Aim of the exercise ▸
Set every entry down again exactly, excluding any pictures.

Provided material ▸

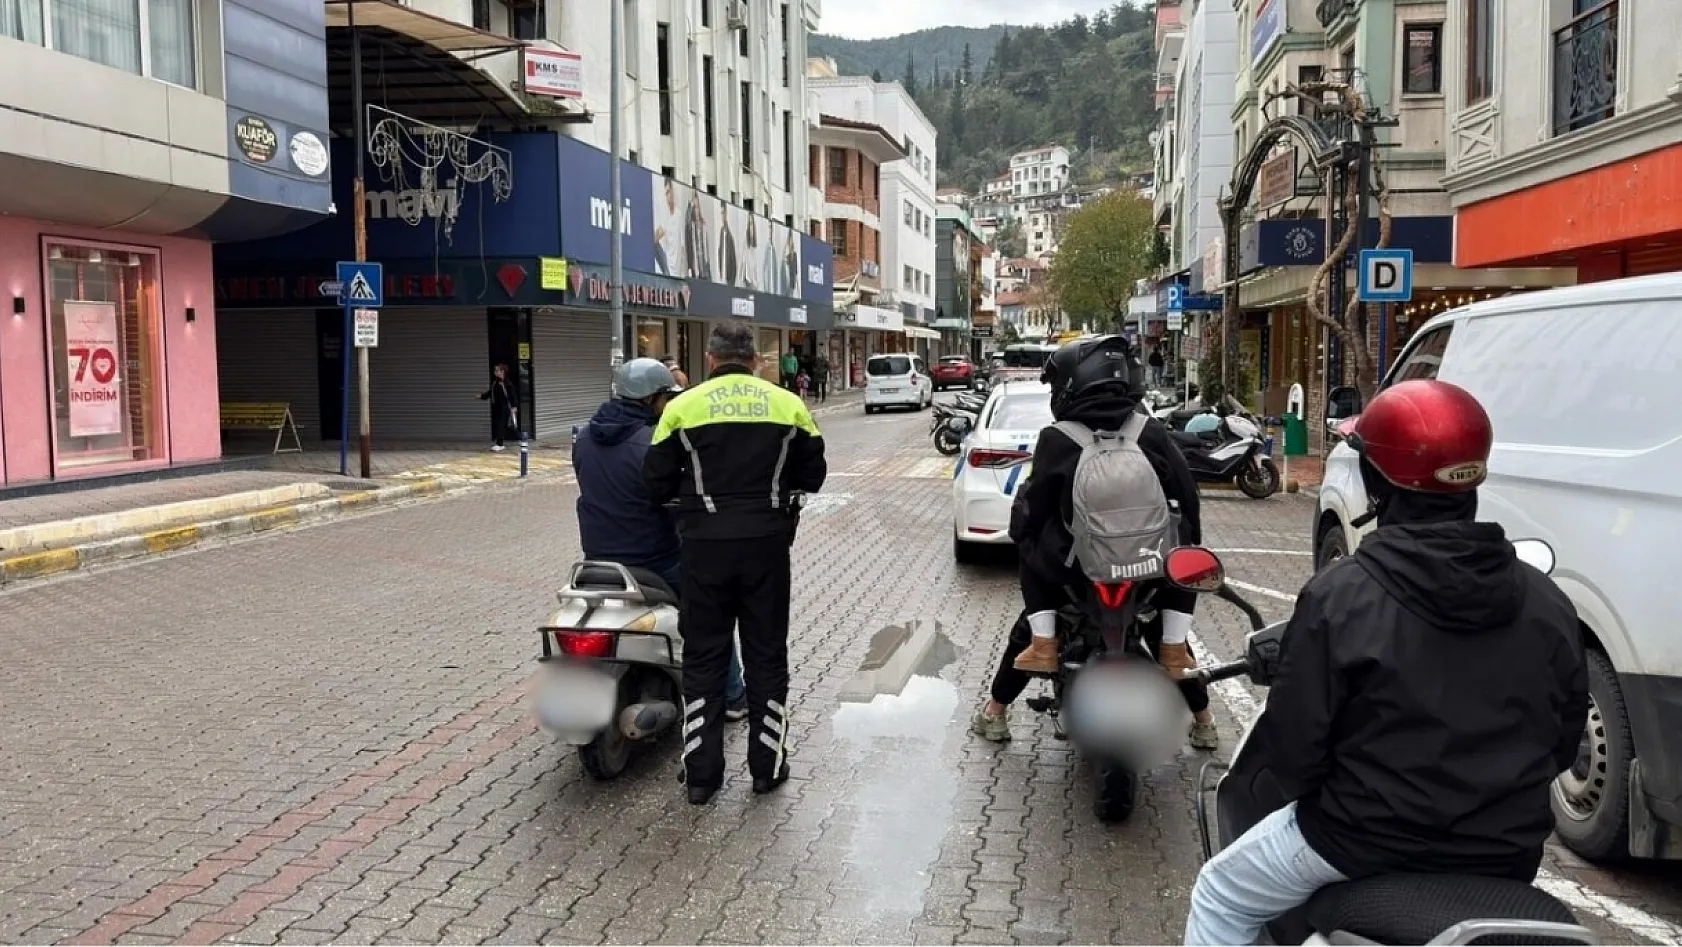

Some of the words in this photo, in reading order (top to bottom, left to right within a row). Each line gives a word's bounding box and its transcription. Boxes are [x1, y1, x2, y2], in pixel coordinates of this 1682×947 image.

[535, 61, 558, 73] KMS
[365, 178, 458, 218] mavi
[1374, 261, 1396, 288] D
[1167, 287, 1179, 309] P
[68, 347, 116, 384] 70
[70, 387, 117, 402] İNDİRİM
[1111, 557, 1158, 579] PUMA

Your solution ▸
Some of the words in this photo, in reading order (top to bottom, left to right within a row). Each line gives a word's bounding box and its transcription. Boxes are [x1, y1, x2, y2], in pixel coordinates of this 1682×947 image.

[535, 61, 558, 73] KMS
[365, 178, 458, 218] mavi
[1374, 261, 1396, 288] D
[1167, 287, 1179, 309] P
[68, 347, 116, 384] 70
[70, 387, 117, 402] İNDİRİM
[1111, 557, 1158, 579] PUMA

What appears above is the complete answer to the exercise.